On the other hand, in PI-RADS v 2.1, the PI-RADS steering committee still recommend the inclusion of DCE to the protocol of mpMRI used for diagnosis of prostate cancer and stated that DCE is considered as a secure sequence, particularly when T2WI or DWI showed poor image quality due to artifacts or inappropriate signal-to-noise ratio (SNR), a condition which is common to occur on some MRI devices when prostate MRI was carried out without using an endorectal coil. It was stated that DCE could increase tumor detection rate by about 16% for score 3 PZ lesions on DWI [13]. Also, it was stated that for lesions with category more than or equal 3 on bpMRI, DCE was found to be of statistical significance in the detection of PCa [4]. One study concluded that readers’ experience is mandatory for assessment of bpMRI where the sensitivity of bpMRI and mpMRI were 91% and 96%, respectively, for expert readers, while for less-experienced readers mpMRI had higher sensitivity when compared with bpMRI (sensitivity was 58% for bpMRI versus 91% for mpMRI) [21]. In this work, mpMRI showed higher sensitivity and diagnostic accuracy when compared with bpMRI when considering malignant lesions as lesions with PI-RADS scores 4 and 5 only.
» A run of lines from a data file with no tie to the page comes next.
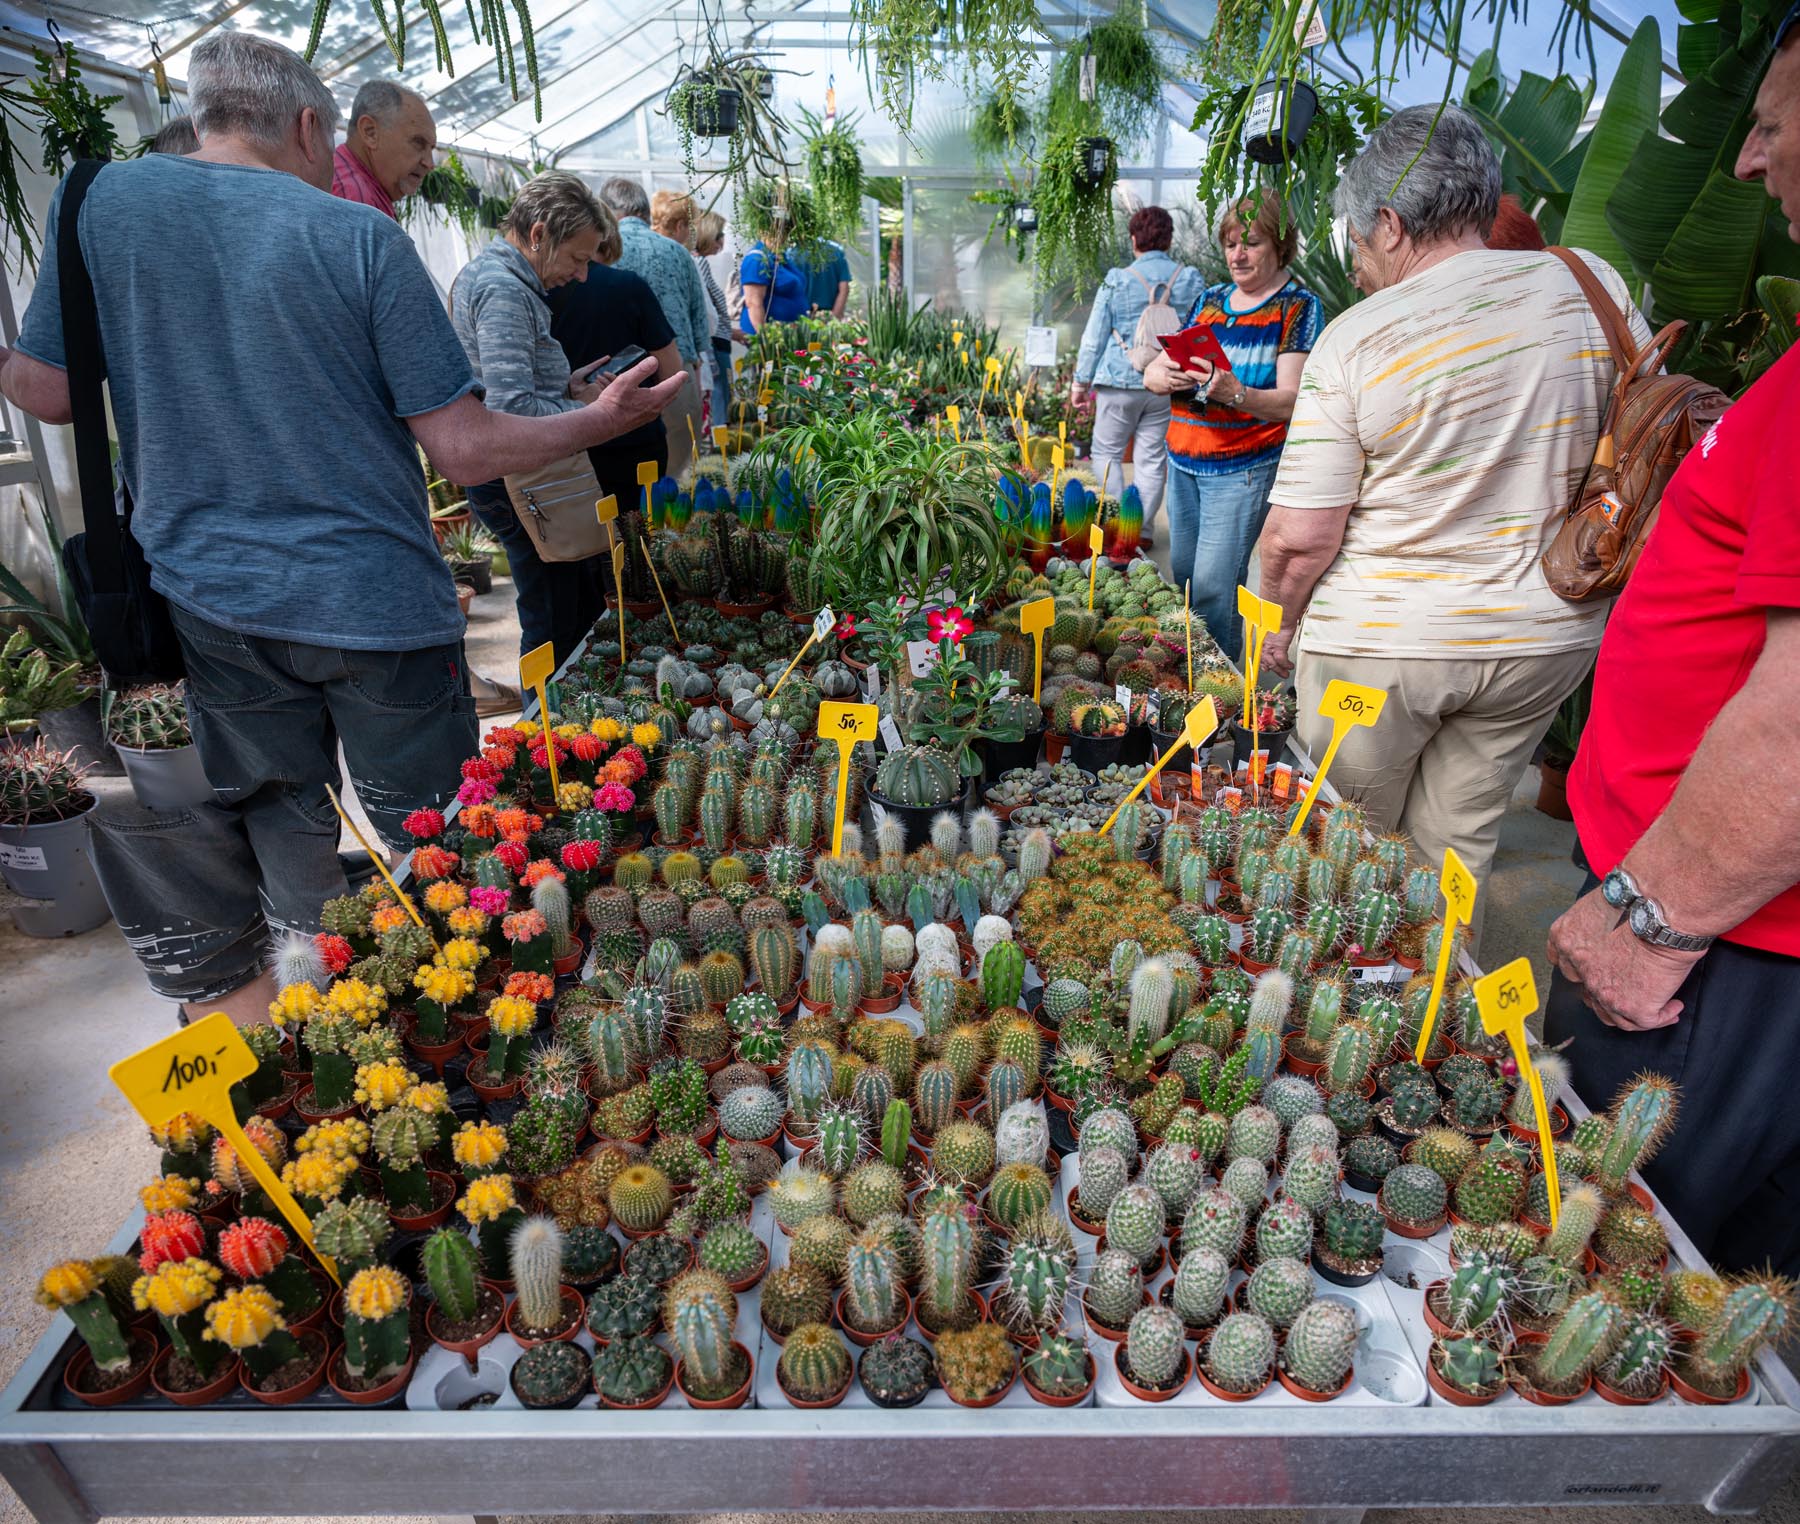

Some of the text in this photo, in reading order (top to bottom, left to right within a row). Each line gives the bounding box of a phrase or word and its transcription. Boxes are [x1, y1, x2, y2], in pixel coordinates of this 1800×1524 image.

[1339, 694, 1375, 717] 50,-
[837, 713, 864, 733] 50,-
[1497, 980, 1528, 1009] 50,-
[162, 1045, 228, 1093] 100,-
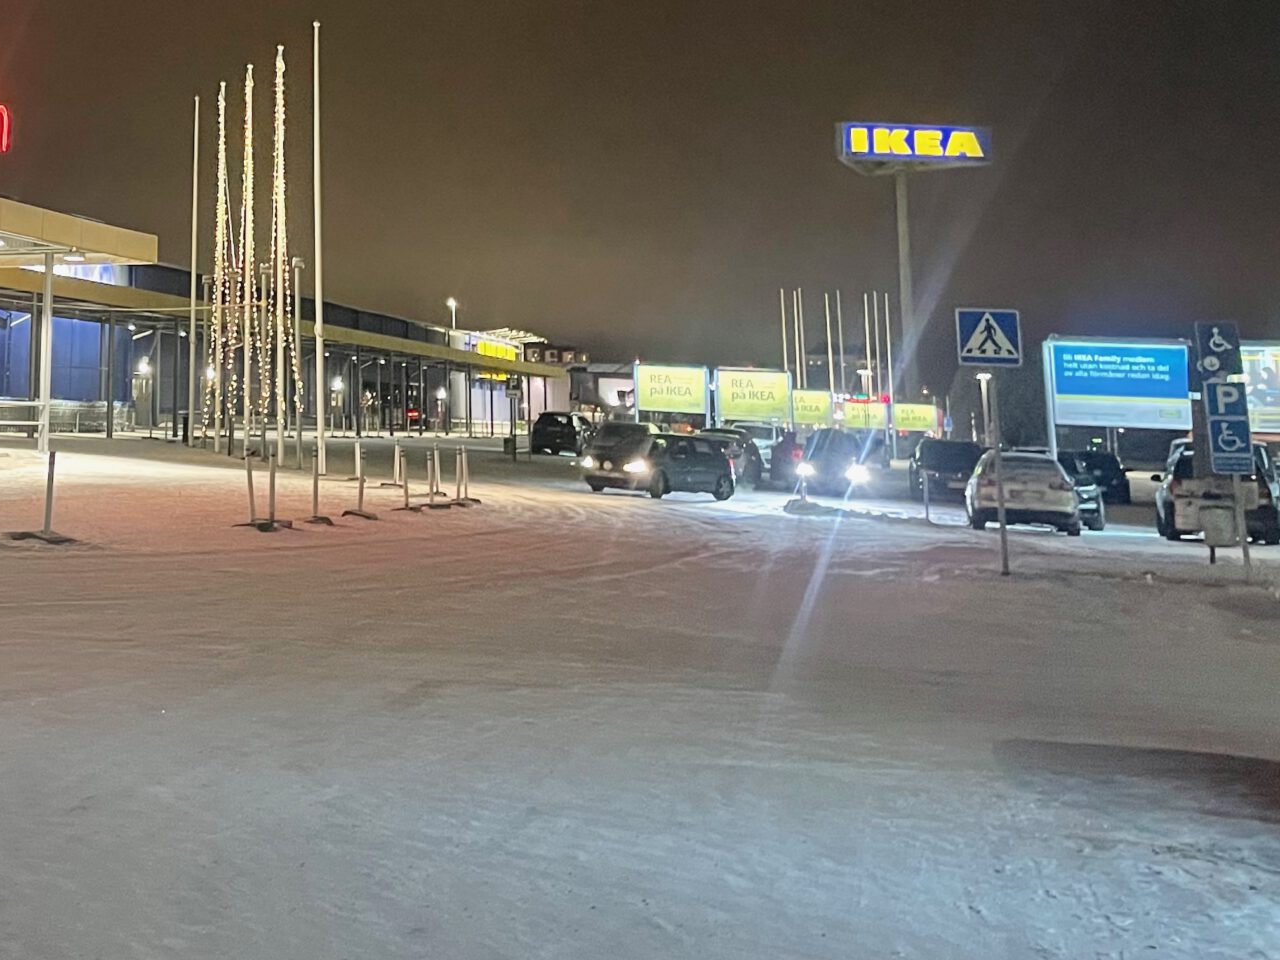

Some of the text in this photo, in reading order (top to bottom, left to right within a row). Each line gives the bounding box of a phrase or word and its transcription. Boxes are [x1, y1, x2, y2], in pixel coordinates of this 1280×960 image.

[850, 127, 985, 158] IKEA
[1094, 354, 1121, 363] Family
[649, 374, 671, 384] REA
[731, 378, 754, 389] REA
[666, 386, 692, 397] IKEA
[731, 389, 776, 401] på IKEA
[1216, 385, 1239, 414] P
[801, 404, 821, 413] IKEA
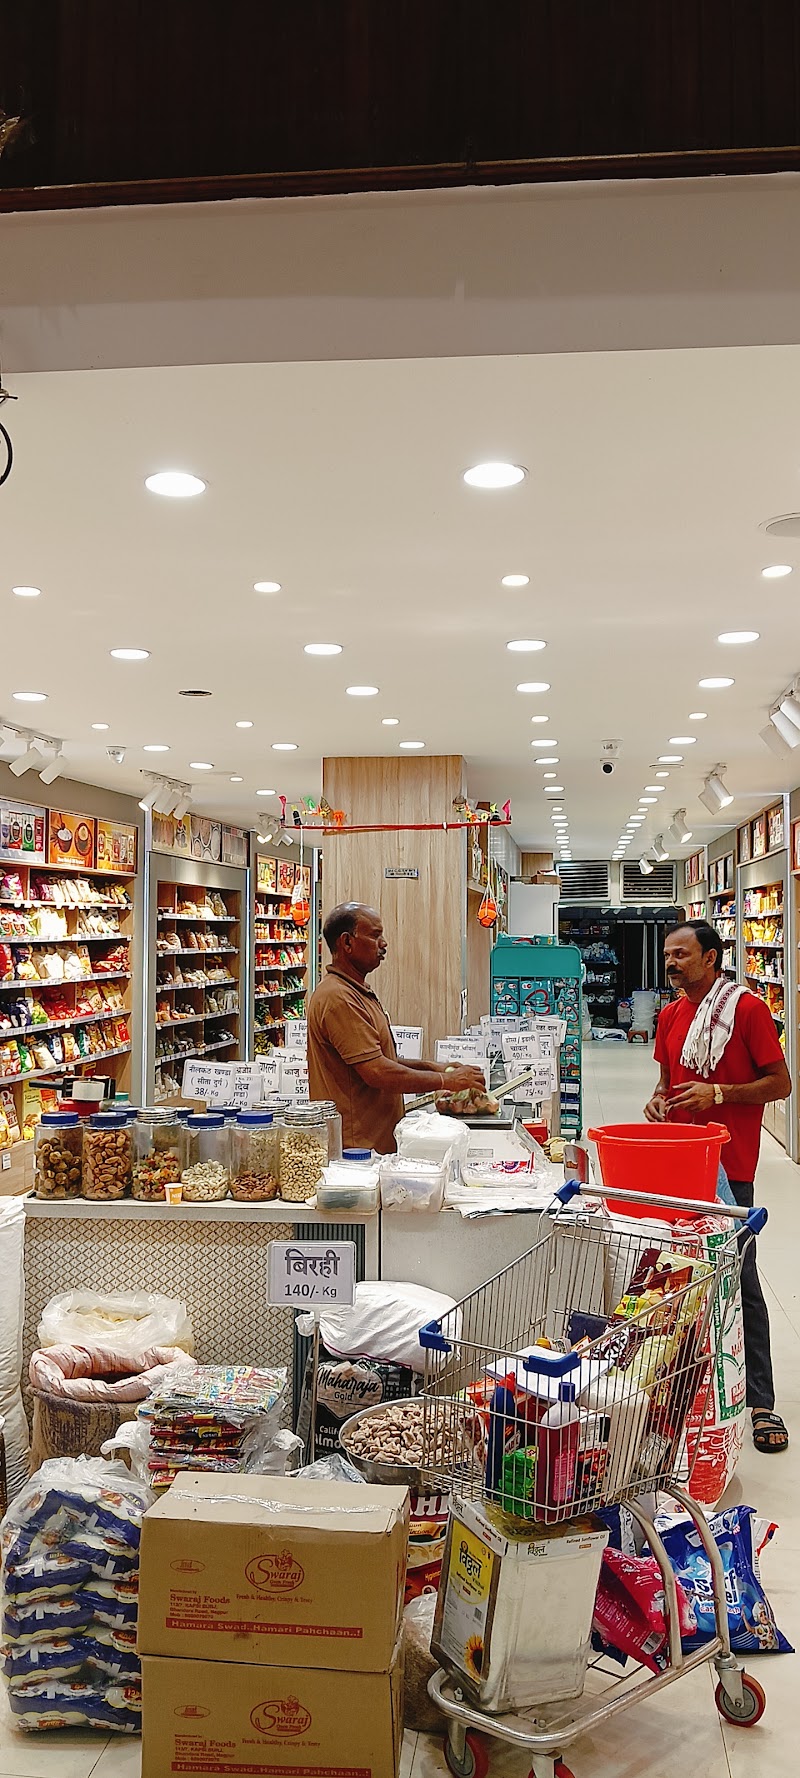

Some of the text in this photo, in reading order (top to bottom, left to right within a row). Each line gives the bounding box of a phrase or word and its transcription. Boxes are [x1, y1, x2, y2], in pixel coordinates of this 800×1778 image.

[194, 1088, 209, 1096] 38/-
[284, 1248, 340, 1278] बिरही
[284, 1284, 337, 1298] 140/- Kg
[318, 1367, 380, 1398] Maharaja
[334, 1391, 352, 1401] Gold
[250, 1558, 302, 1584] Swaraj
[170, 1594, 230, 1604] Swaraj Foods
[172, 1621, 214, 1629] Hamara
[254, 1704, 308, 1730] Swaraj
[175, 1739, 236, 1748] Swaraj Foods
[176, 1764, 220, 1772] Hamara
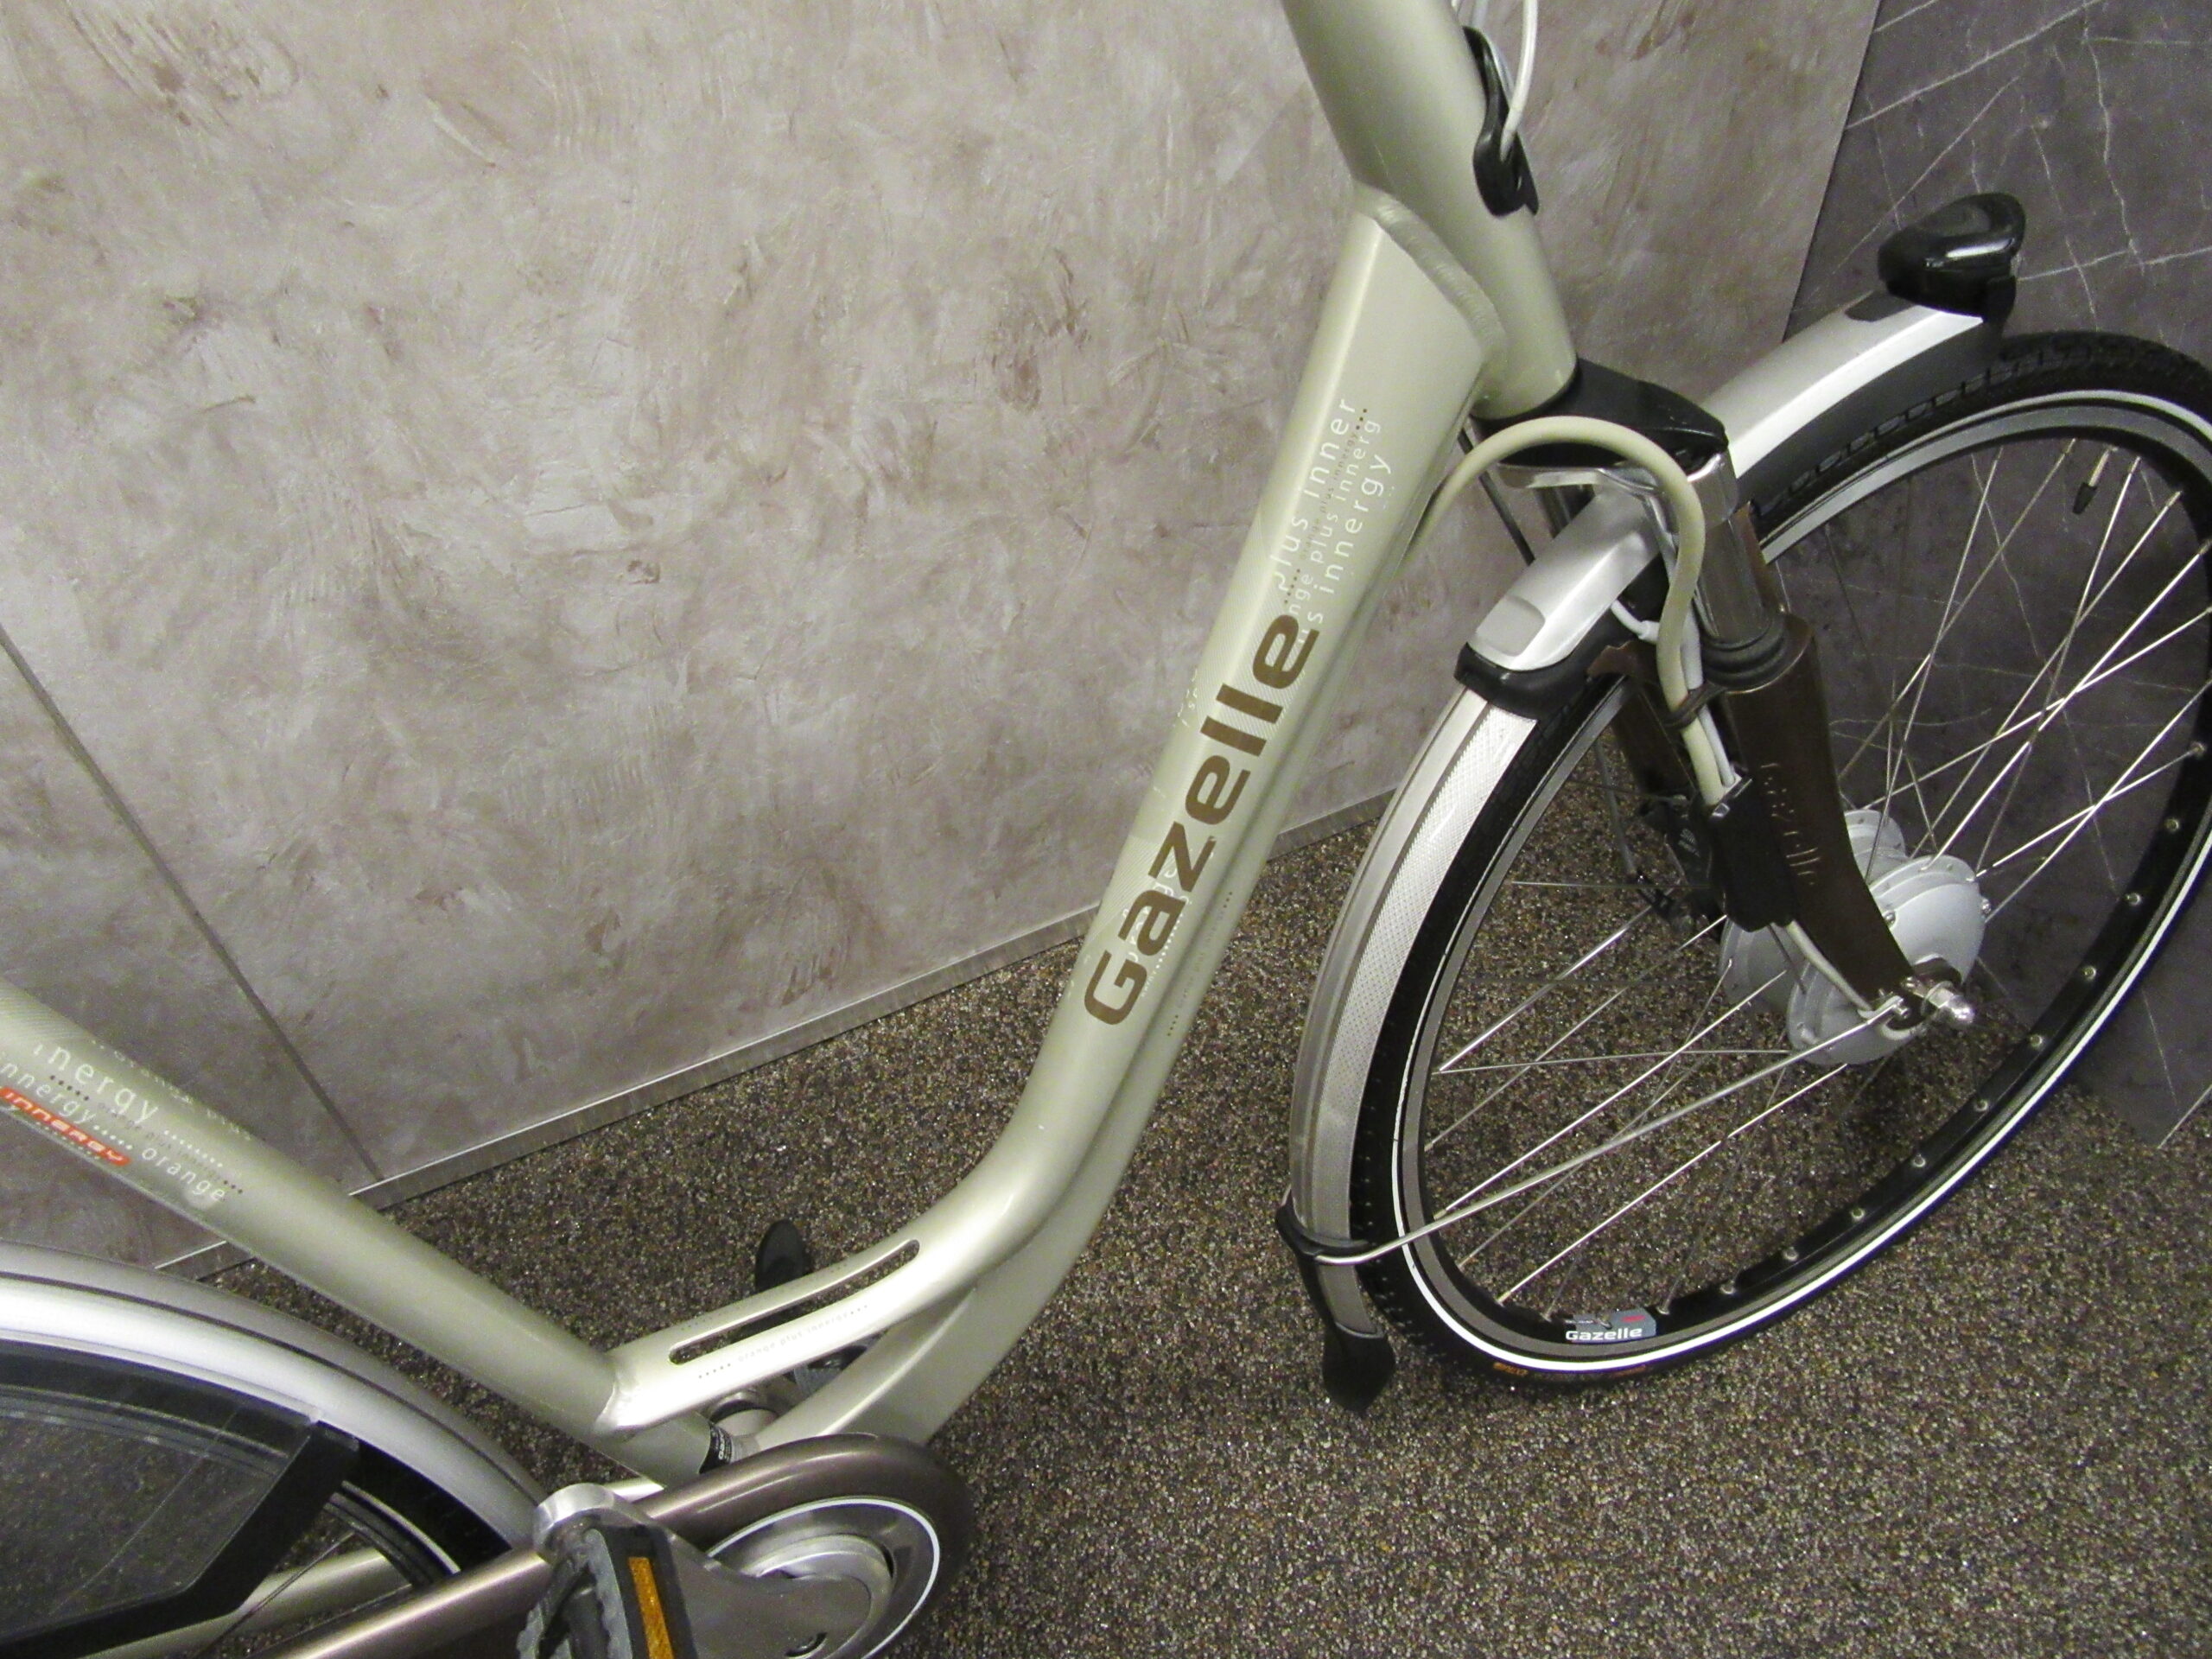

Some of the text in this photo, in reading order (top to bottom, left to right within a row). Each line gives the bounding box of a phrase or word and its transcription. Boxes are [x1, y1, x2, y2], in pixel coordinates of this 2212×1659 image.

There are a few limitations of this study: The first one was a small number of studied patients. Further research works with a larger number of patients and multicenter studies are recommended. Second, the body surface coil was used in examination and not an endorectal coil. Third, it would be better to perform this study with multiple readers and assess the interobserver agreement.

Conclusion

Considering PI-RADS scores 4 and 5 as malignant, mpMRI had higher sensitivity and diagnostic accuracy when compared with bpMRI; however, when considering PI-RADS scores 3, 4, and 5 as malignant, both bpMRI and mpMRI had similar diagnostic accuracy.